San Francisco is going all out for the 50th anniversary of the 1967 "Summer of Love," the cultural revolution that brought the hippie experience to the American mainstream, when throngs of American youth descended on San Francisco to join a cultural revolution.

Thinking back on 1967, Bob Weir of the Grateful Dead recalls a creative explosion that sprouted from fissures in American society. That summer marked a pivot point in rock-and-roll history, he says, but it was about much more than the music.

“There was a spirit in the air,” said Weir, who dropped out of high school and then helped form the Grateful Dead in 1965. “We figured that if enough of us got together and put our hearts and minds to it, we could make anything happen.”

During those years, the Grateful Dead shared a spacious Victorian on Ashbury Street. Janis Joplin lived down the street. Across from her was Joe McDonald, of the psychedelic rock band Country Joe and the Fish. Jefferson Airplane eventually bought a house a few blocks away on Fulton Street, where they hosted legendary, wild parties.

The bands dropped by each other’s houses and played music nearby, often in free outdoor concerts at Golden Gate Park and its eastward extension known as the Panhandle.

Their exciting new breed of folk, jazz and blues-inspired electrical music became known as the San Francisco Sound.

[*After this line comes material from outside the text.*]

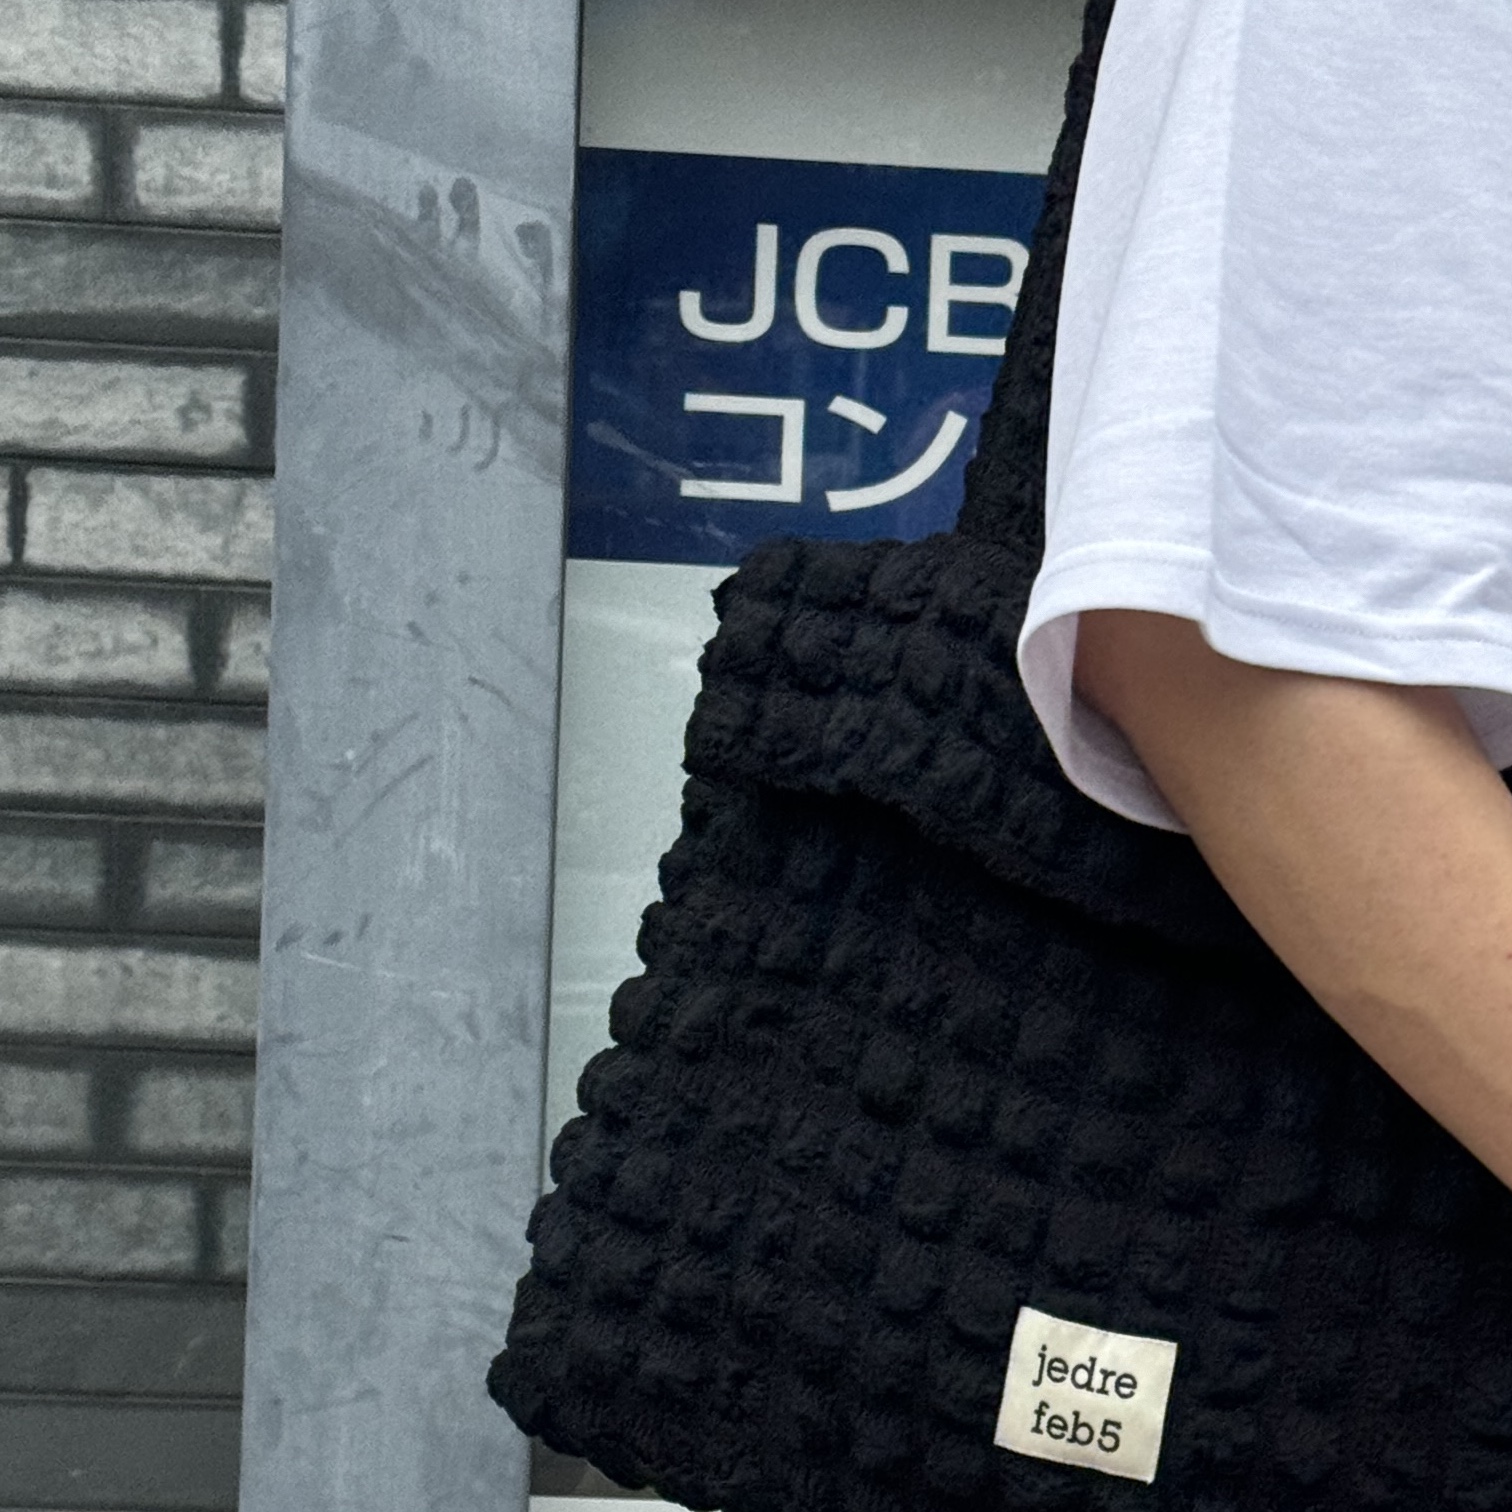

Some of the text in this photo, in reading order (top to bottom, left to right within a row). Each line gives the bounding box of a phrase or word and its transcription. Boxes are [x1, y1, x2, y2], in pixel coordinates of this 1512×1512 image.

Several of its most influential local acts — the Grateful Dead, Jefferson Airplane, Big Brother and the Holding Company, which launched Joplin’s career — shot to fame during the summer’s three-day Monterey Pop Festival .

San Francisco, now a hub of technology and unrecognizable from its grittier, more freewheeling former self, is taking the anniversary seriously. Hoping for another invasion of visitors — this time with tourist dollars — the city is celebrating with museum exhibits, music and film festivals, Summer of Love-inspired dance parties and lecture panels. Hotels are offering discount packages that include “psychedelic cocktails,” ″Love Bus” tours, tie-dyed tote bags and bubble wands.

Even Lake Berryessa became part of “the scene” with the “Lake Berryessa Bowl” which was an outdoor music venue just below Turtle Rock. During the summer months in the second half of the 1960s many local and national groups appeared at the venue. It was large enough to host Alice Cooper and The Grateful Dead.

The Grand Opening was on May 30, 1968 and featured Loading Zone, Overbrook Express, H.P. Lovecraft, Transmatic Experience, The Mojo, and the Spiders. First 50 girls got in free! Hit records given away! Price $2.50. Hours 9 PM- 1 AM.  The few neighbors must have loved it. May have been good for Turtle Rock too.

The Lake Berryessa Bowl

The Lake Berryessa Bowl was an outdoor music venue just below Turtle Rock. During the summer months in the second half of the 1960s many local and national groups appeared at the venue. It was large enough to host Alice Cooper and The Grateful Dead.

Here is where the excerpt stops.